A páscoa é o principal período de vendas para a indústria do chocolate. Para este ano, a estimativa era de crescimento de 5% a 10% nas vendas, de acordo com pesquisas do segmento. Porém, a pandemia trouxe um dos maiores desafios enfrentados pelos empresários do setor que dependem da festividade. Para o gerente da unidade Sebrae RMR, Alexandre Alves, diante do período que estamos vivendo, é preciso saber se adaptar. “Quem estava se preparando para a Páscoa, precisou se adequar em relação a entrega. Agora o empreendedor precisa pensar em oportunidades de maneira remota investindo no comércio eletrônico”, explica. Ainda de acordo com ele, usar da criatividade é uma forma de sair na frente. “O uso da criatividade é importante, por isso desenvolver cesta de produtos, com kits, pode atrair as pessoas que querem presentear outros”, destaca.

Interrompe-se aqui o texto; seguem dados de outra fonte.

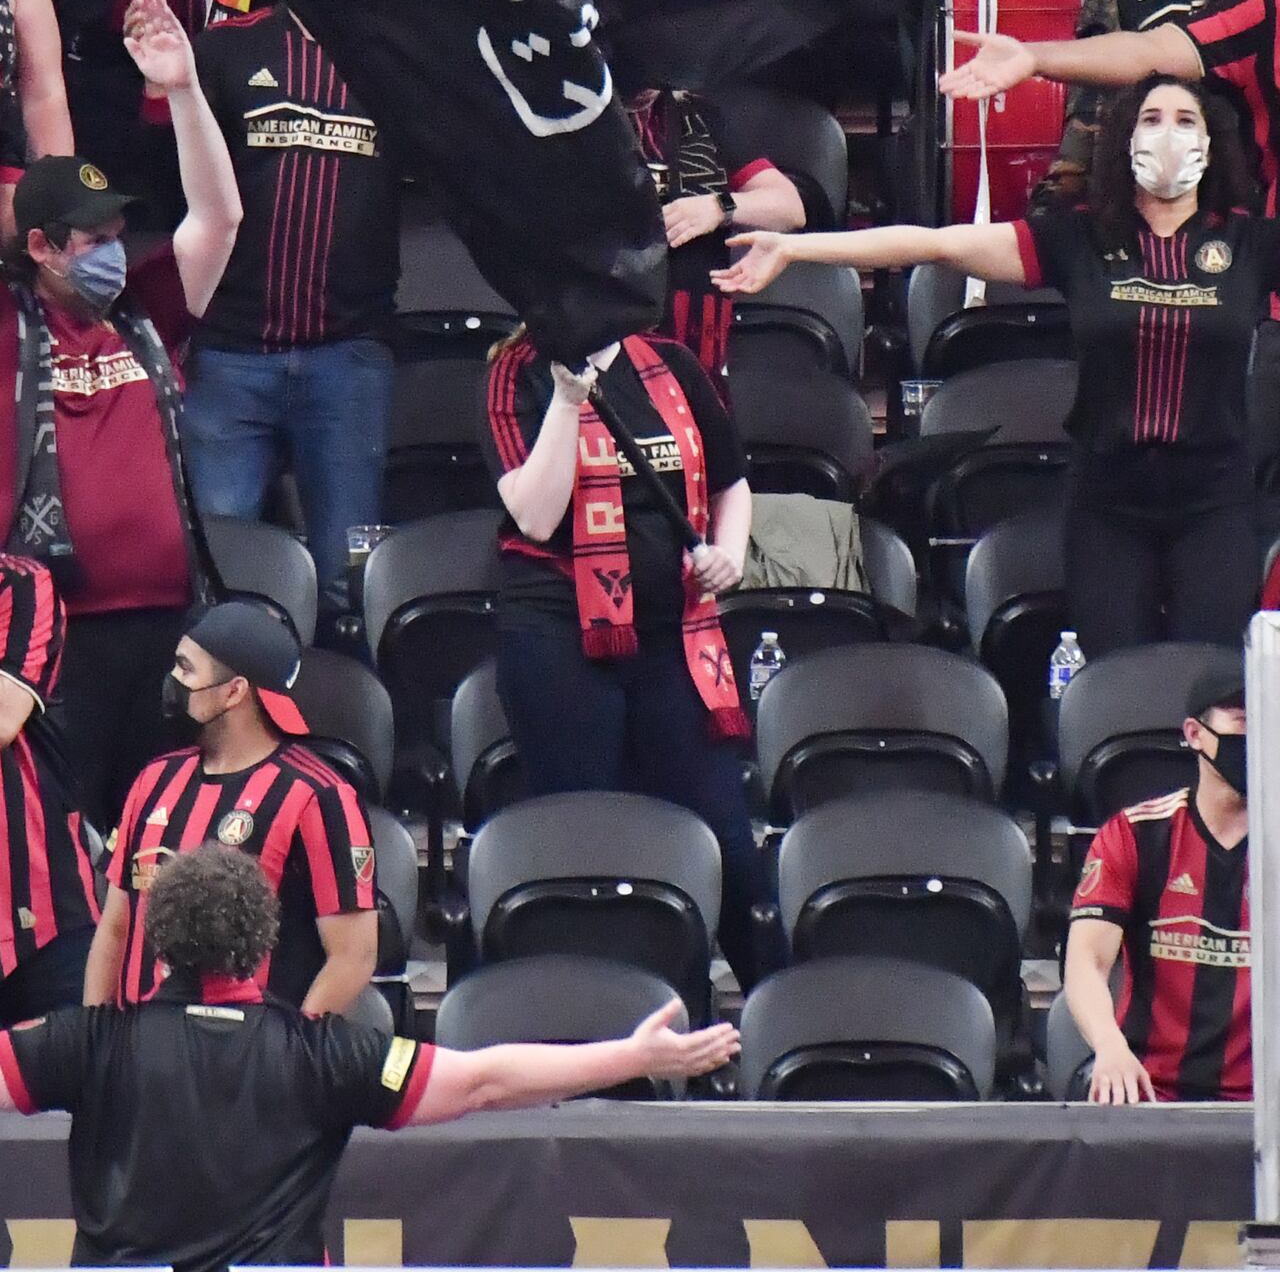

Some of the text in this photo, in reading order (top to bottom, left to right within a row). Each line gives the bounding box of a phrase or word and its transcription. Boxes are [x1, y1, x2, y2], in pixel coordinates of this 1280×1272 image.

[247, 118, 378, 142] AMERICAN FAMILY
[256, 134, 365, 151] INSURANCE
[1152, 930, 1227, 949] AMERICAN
[1158, 944, 1248, 964] INSURAN
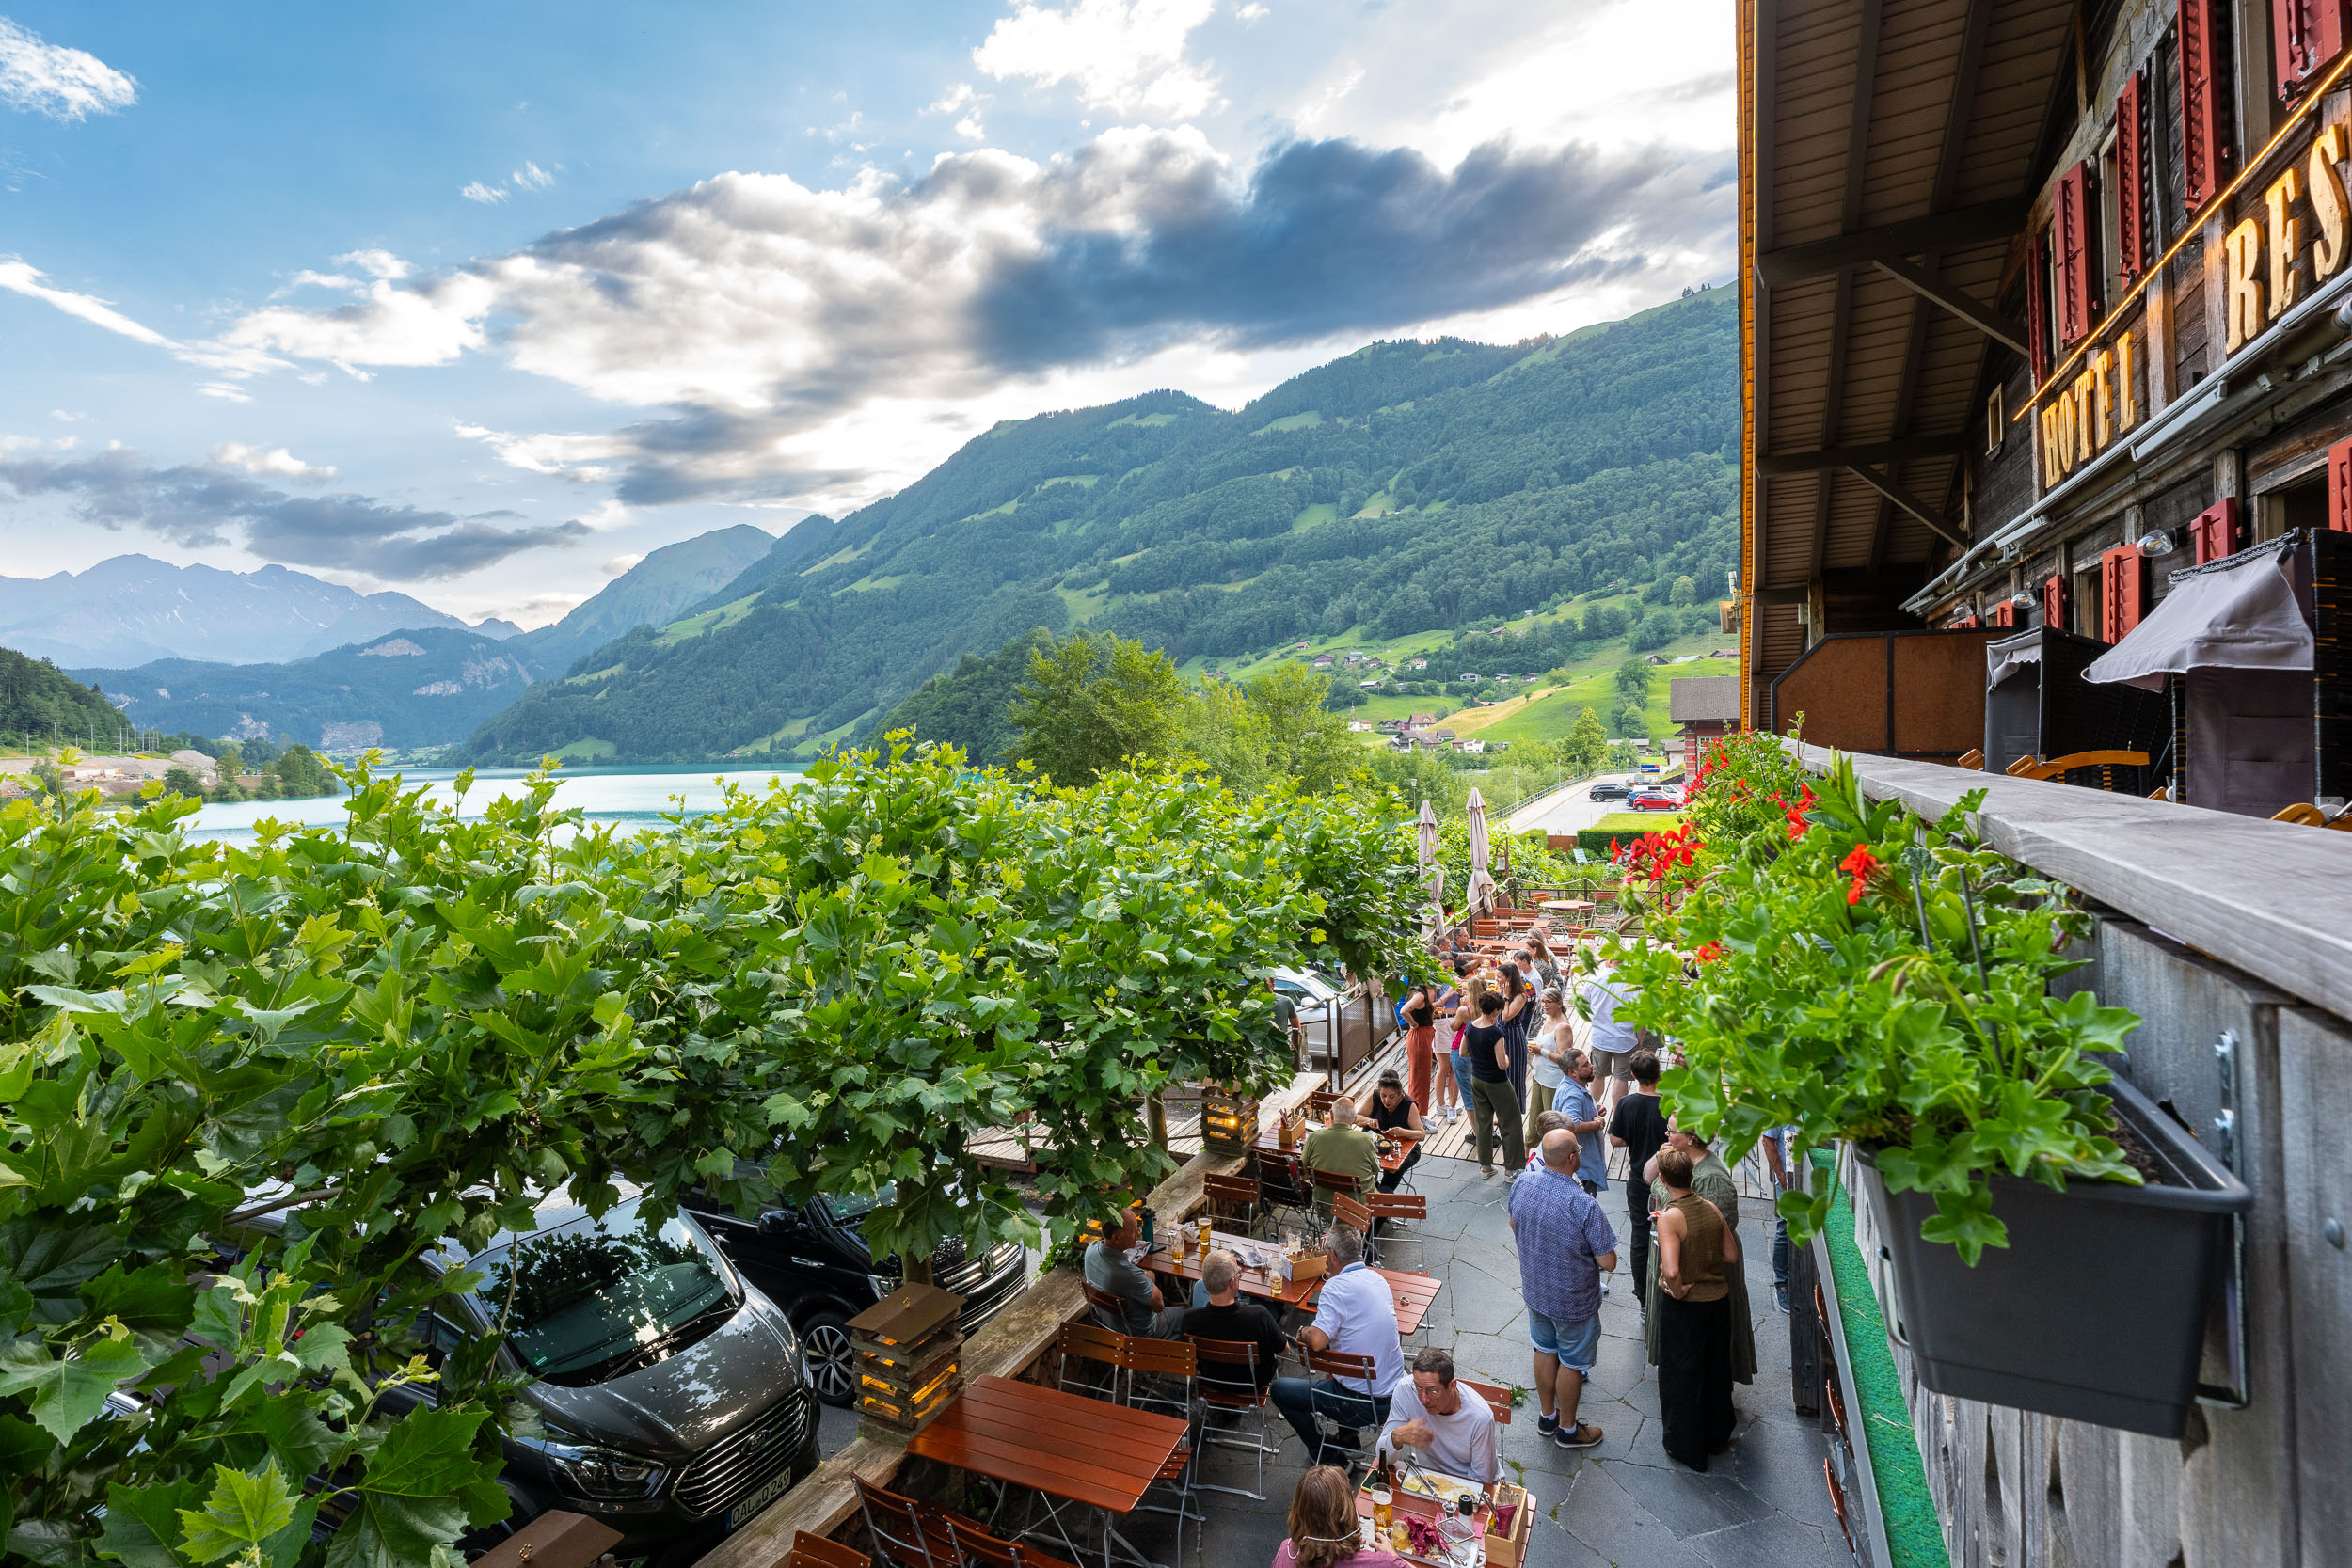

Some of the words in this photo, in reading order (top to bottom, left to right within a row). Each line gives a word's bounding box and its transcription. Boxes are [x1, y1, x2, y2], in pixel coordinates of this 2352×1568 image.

[2041, 331, 2138, 489] HOTEL
[2226, 123, 2351, 355] RES
[733, 1499, 755, 1524] OAL
[761, 1486, 769, 1502] Q
[771, 1470, 789, 1497] 249

Alves ainda aponta que o uso de ferramentas se tornou algo essencial. Antes da pandemia, ter um site, um Instagram, entregas delivery era um adicional, hoje é uma necessidade. “Dispor de um e commerce, um aplicativo, são soluções simples para enfrentar a crise, quando tratamos de negócios maiores. Já os micro, podem se valer das redes sociais, pois as ferramentas de monitoramento da página, podem ajudar o empreendedor. Além disso, investir em um atendimento mais profissionalizado, mais corporativo vai dar uma conotação melhor à empresa”, complementa. Outro ponto importante que Alves destaca é ter cuidado com a logística e ter o produto de prontidão para não queimar o negócio em razão de não concluir a entrega.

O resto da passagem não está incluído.